The power rule is a simple yet powerful technique used in calculus to differentiate functions. It specifically applies to terms in the form of \( x^n \) where \( n \) is any real number. The rule states that the derivative of \( x^n \) with respect to \( x \) is \( nx^{n-1} \). You can think of this as lowering the power by one and multiplying by the original power.
For example, if you have a term \( 5x^4 \), the derivative is found by applying the power rule: you multiply the term by 4 (because 4 is the original exponent), and then reduce the power by one, resulting in \( 20x^3 \).

• For \( x^3 \), the derivative is \( 3x^2 \).
• For a constant like \( -10 \), its derivative is \( 0 \).

Thus, the power rule is crucial for quickly finding derivatives, especially for polynomial functions where each term can be examined individually and rewritten easily.

Differentiation is the process of finding the derivative of a function. A derivative represents the rate at which a function's value changes. It is fundamental in calculus and essential for understanding the behavior of functions.
When differentiating a function like \( y = 5x^4 + x^3 - 10x - 2 \), you apply differentiation rules to each term separately. Consistency is crucial. For each term, use the power rule where applicable:

• Differentiate \( 5x^4 \) to get \( 20x^3 \).
• Differentiate \( x^3 \) to get \( 3x^2 \).
• Differentiate \( -10x \) to get \( -10 \).
• Since \(-2\) is constant, it differentiates to \( 0 \).

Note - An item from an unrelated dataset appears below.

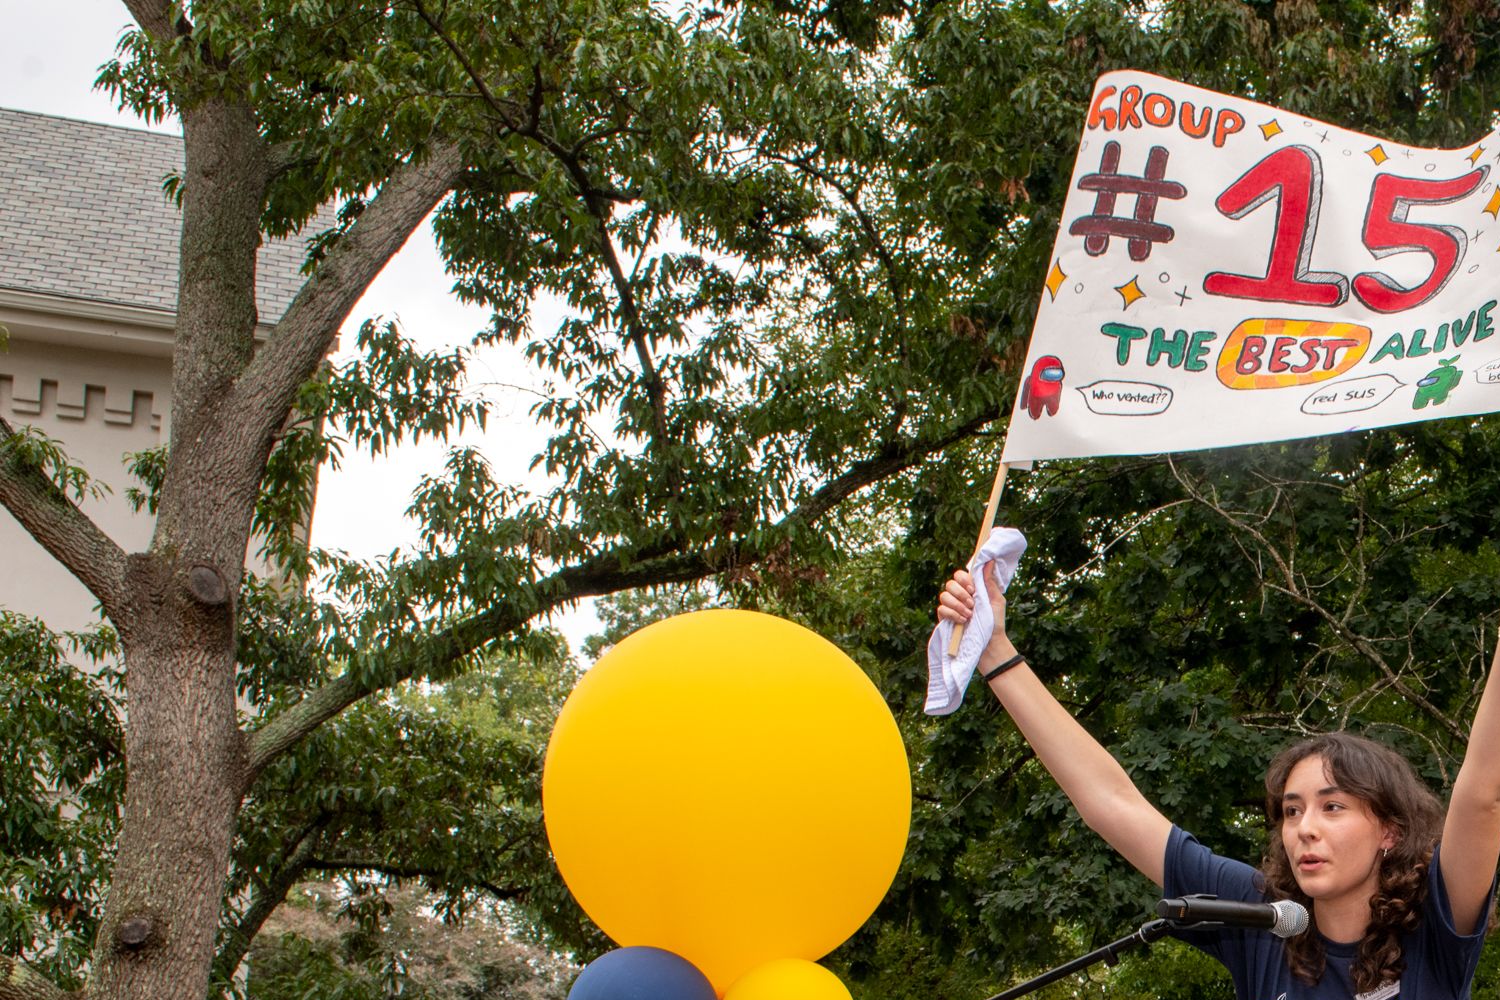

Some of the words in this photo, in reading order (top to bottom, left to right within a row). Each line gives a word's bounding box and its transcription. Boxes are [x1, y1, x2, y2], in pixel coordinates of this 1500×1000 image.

After applying these rules, the first derivative, \( y' \), tells us how \( y \) changes per unit change in \( x \). Differentiating again gives \( y'' \), the second derivative, indicating the rate of change of the rate of change, which helps us analyze curves and concavity.

Polynomial expansion is the process of multiplying polynomials to turn a product into a sum. This is often a preliminary step before differentiation, as it transforms the expression into a format easier to manipulate. When dealing with functions like \( y = (x^3 - 2)(5x + 1) \), expanding the product is vital to simplify it for differentiation.
To expand \( y \, \), distribute each term in the first polynomial to every term in the second:

• Multiply \( x^3 \) by \( 5x \) and then by \( 1 \).
• Multiply \( -2 \) by \( 5x \) and then by \( 1 \).

Performing these multiplication steps gives \( y = 5x^4 + x^3 - 10x - 2 \), turning it into a standard polynomial form.
This format allows you to apply the power rule easily to find derivatives. Therefore, polynomial expansion is a handy method for ensuring the effective application of derivative rules to derive necessary functions.